The patient was a 52-year-old woman with metastatic non-small cell lung cancer driven by a chromosomal rearrangement involving the ALK gene. She was first treated with crizotinib; then with a second ALK inhibitor, ceritinib; followed by the newest next-generation ALK inhibitor, lorlatinib.

Preclinical studies showed lorlatinib to be effective against all known resistance mutations in the ALK gene. In this patient, the drug reduced the tumor burden for 9 months. Then her liver metastases resumed growing, bringing her to the brink of liver failure and death. Based on molecular analysis of the mutations in a resistant liver lesion, the patient was switched back to crizotinib. Within a few weeks, she experienced a dramatic improvement and her liver function returned to normal. Tumor response to crizotinib lasted for approximately 6 months.

Over the course of her disease, the patient underwent several biopsies to understand why resistance had developed. After she relapsed on crizotinib, the first resistance mutation was identified, also rendering her resistant to ceritinib. Although lorlatinib suppressed this mutation, a second resistance mutation emerged. That mutation conferred high-level resistance to lorlatinib and other next-generation ALK inhibitors; however, it unexpectedly restored tumor sensitivity to crizotinib. In fact, the tumor was even more responsive to crizotinib, a less potent and less selective inhibitor of ALK.

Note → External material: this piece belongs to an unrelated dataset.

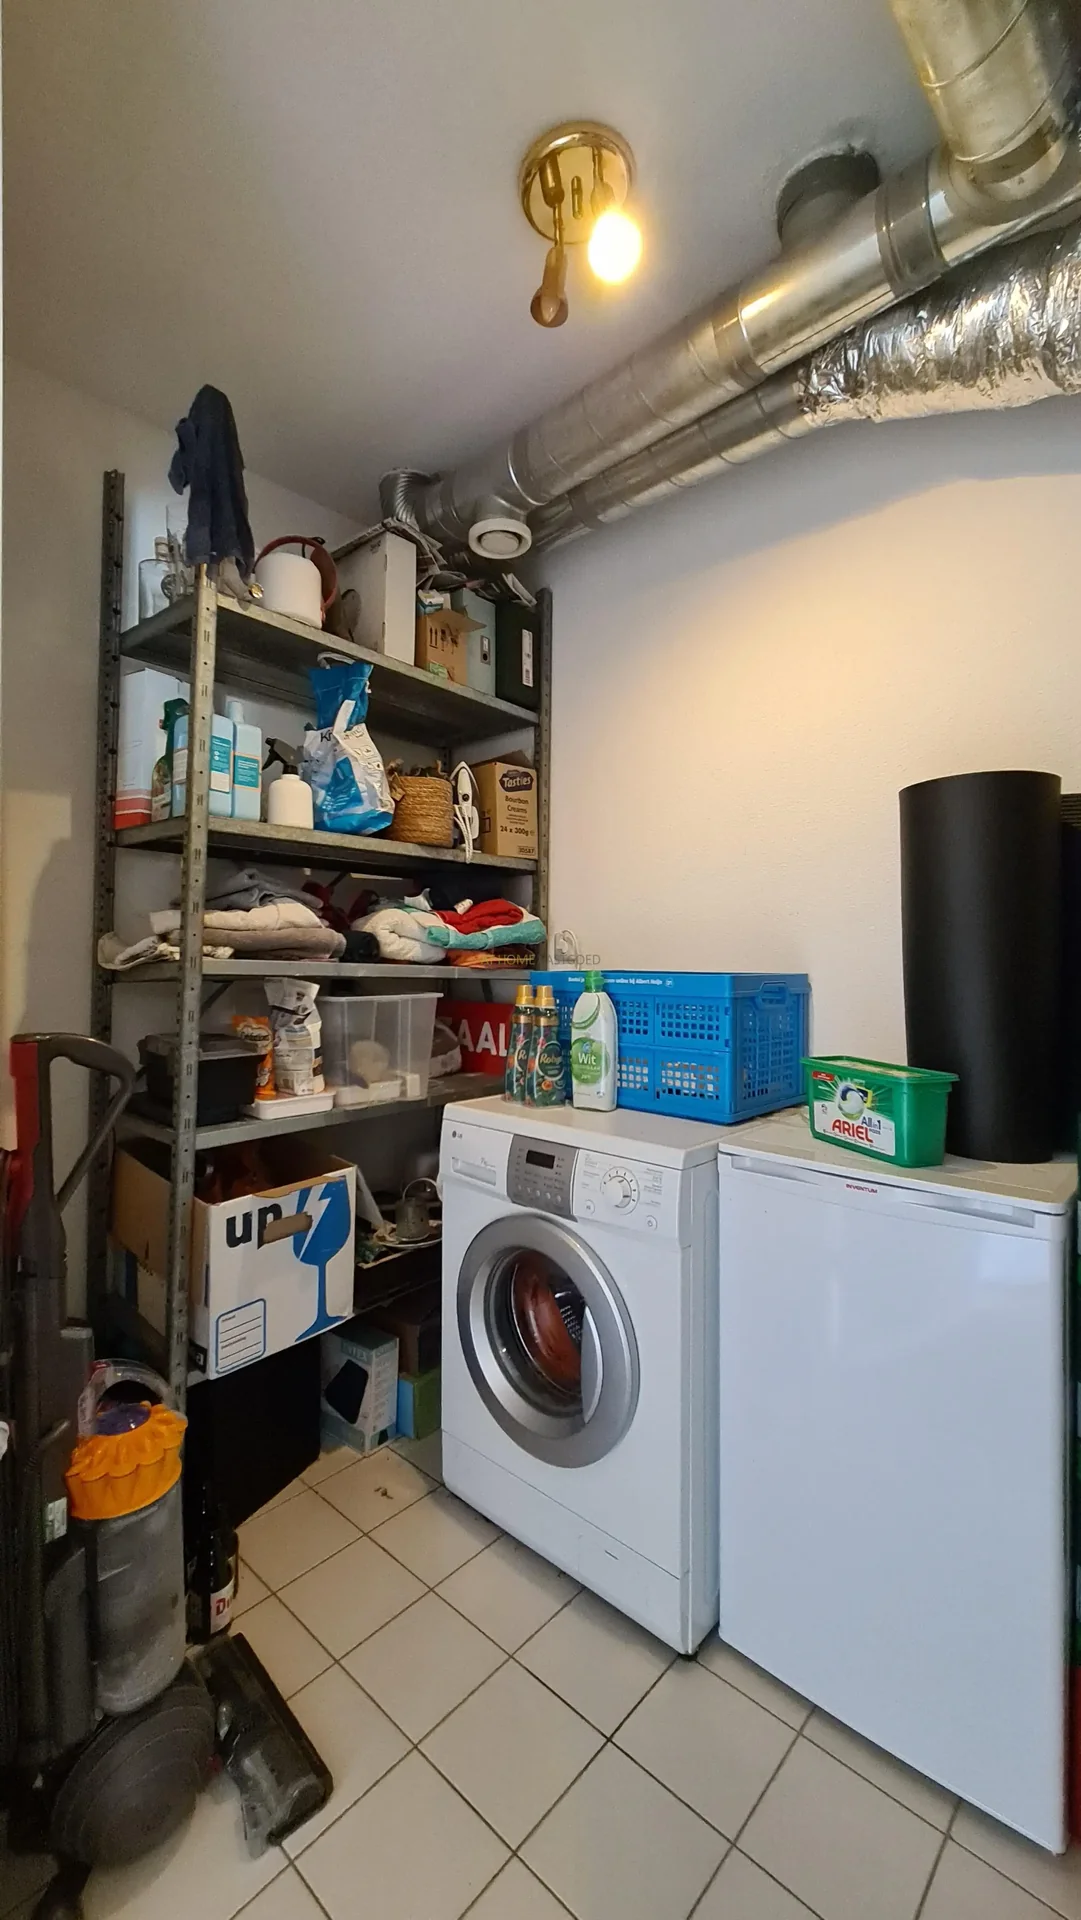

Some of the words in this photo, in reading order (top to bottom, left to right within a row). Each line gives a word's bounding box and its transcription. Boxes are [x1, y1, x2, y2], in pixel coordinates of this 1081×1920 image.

“These results highlight how important it is to obtain repeat biopsies in patients who relapse on targeted therapies,” said Shaw, who is also an associate professor of Medicine at Harvard Medical School. “Molecular profiling of these biopsies can uncover novel mechanisms of resistance. In some cases, this information can then help us to select the next therapy that’s most likely to be effective.”

Multiple structurally distinct inhibitors have been developed to treat ALK-positive lung cancer, and all of them target the same ALK oncogene. Often these drugs can be used in sequence, one after the other. This case suggests that the sequence of ALK inhibitors used may best be determined by the underlying resistance mechanism. It also introduces the possibility that combining ALK inhibitors may block the development of resistance mutations and extend remission duration. Clinical studies that examine the effects of different combinations of targeted therapies are needed, Shaw added.